Einar ci saluto e se ne andò.

«Raga, io e Emma vorremmo fare un giro in solitudine» disse Biondo. Io gli lanciai un'occhiataccia e lui rispose alzando le sopracciglia, facendo uno sguardo, misto di "non è colpa mia" e "mi dispiace". E fu così che anche loro due se ne andarono, lasciando me e Irama da soli.

«Ci fermiamo a quel parco laggiù?» ne indicai uno di fronte a noi. Filippo annuì e ci avviammo.

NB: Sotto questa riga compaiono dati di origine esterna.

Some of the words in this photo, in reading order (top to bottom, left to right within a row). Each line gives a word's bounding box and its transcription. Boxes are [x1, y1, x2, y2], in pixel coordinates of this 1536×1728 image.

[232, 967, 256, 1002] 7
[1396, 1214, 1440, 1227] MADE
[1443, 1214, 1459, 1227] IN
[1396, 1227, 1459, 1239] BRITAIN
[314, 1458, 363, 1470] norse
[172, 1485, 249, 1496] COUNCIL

Arrivati, ci sedemmo su un muretto. Era gennaio, e io, da stupida, uscii solo con una felpa, senza niente sopra. Misi le mani in tasca, ed ebbi un brivido di freddo. Il ragazzo se ne accorse, e quindi, inaspettatamente, mi mise un braccio sopra le spalle per riscaldarmi. Ci guardammo e lui, ancora una volta, sorrise. Oggi, nello studio, aveva sorriso davvero di rado. Come mai adesso continuava a farlo ogni volta?

Appoggiai la testa sulla sua spalla e guardai verso l'alto. Si vedevano le stelle. Io amavo le stelle. Così chiare in un cielo così scuro. Come se ci fosse sempre qualcosa a illuminare i momenti più bui.
«Piacciono molto anche a me, le stelle» disse, leggendo i miei occhi.
«Pensavo che ai ragazzi non piacessero questo tipo di cose»
Rispose facendo spallucce: «Siamo tutti diversi, in realtà»

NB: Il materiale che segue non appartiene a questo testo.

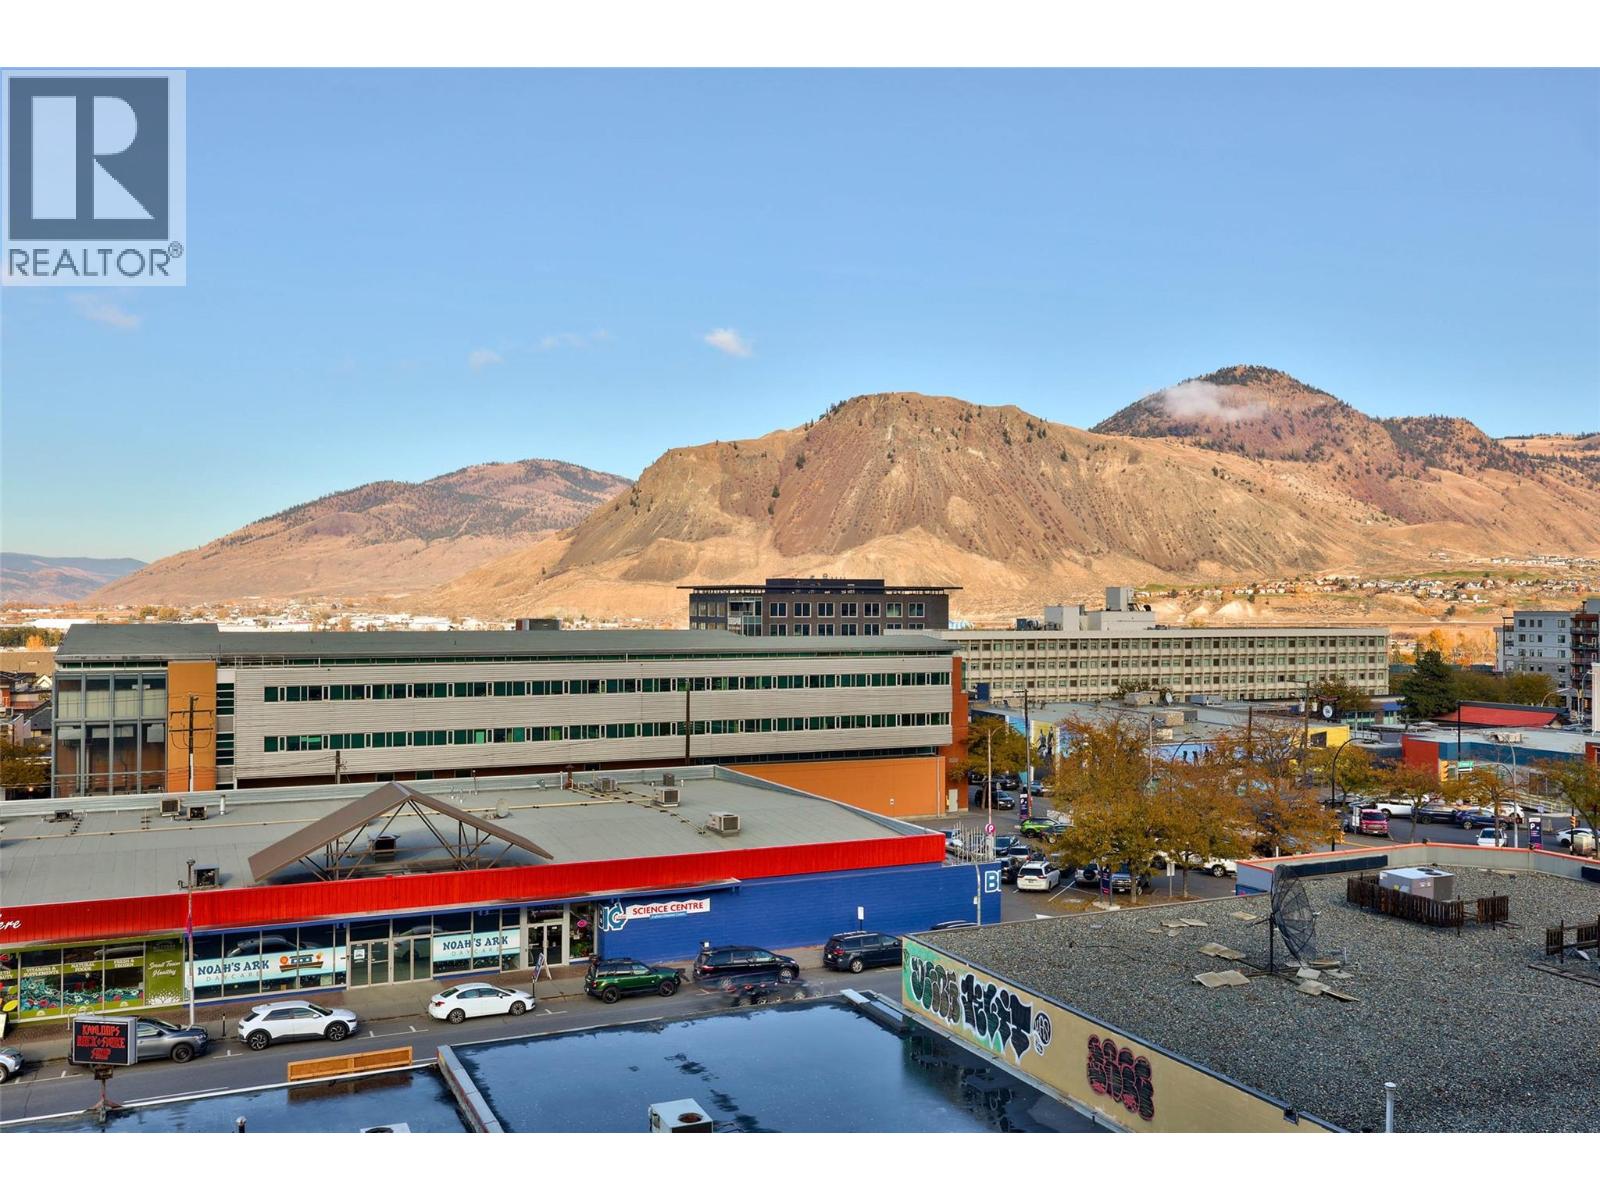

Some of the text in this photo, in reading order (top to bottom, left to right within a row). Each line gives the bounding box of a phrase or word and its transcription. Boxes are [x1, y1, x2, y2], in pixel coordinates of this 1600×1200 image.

[632, 902, 704, 915] SCIENCE CENTRE
[442, 936, 509, 951] NOAH'S ARK
[197, 959, 270, 976] NOAH'S ARK

Non avevamo molte cose da dirci quella sera. Ci eravamo appena conosciuti, e di cose da raccontare ne avevamo. Ma forse l'unica cosa che in quel momento volevamo entrambi, era restare lì, in silenzio, vicini, a osservare le stelle.

SPAZIO AUTRICE

Ciao belli, come state?

Allora, era da un po' che volevo scrivere una storia, e quindi eccomi qui, con protagonisti Lucy e Irama.

Per ora la storia è molto soft, ma tranquilli che fra poco ci saranno dei momenti mooolto più salienti.

Anywayyyy, grazie per le cinquanta visualizzazioni🌸
Non saranno poi così tante (lol) ma è pur sempre un traguardo.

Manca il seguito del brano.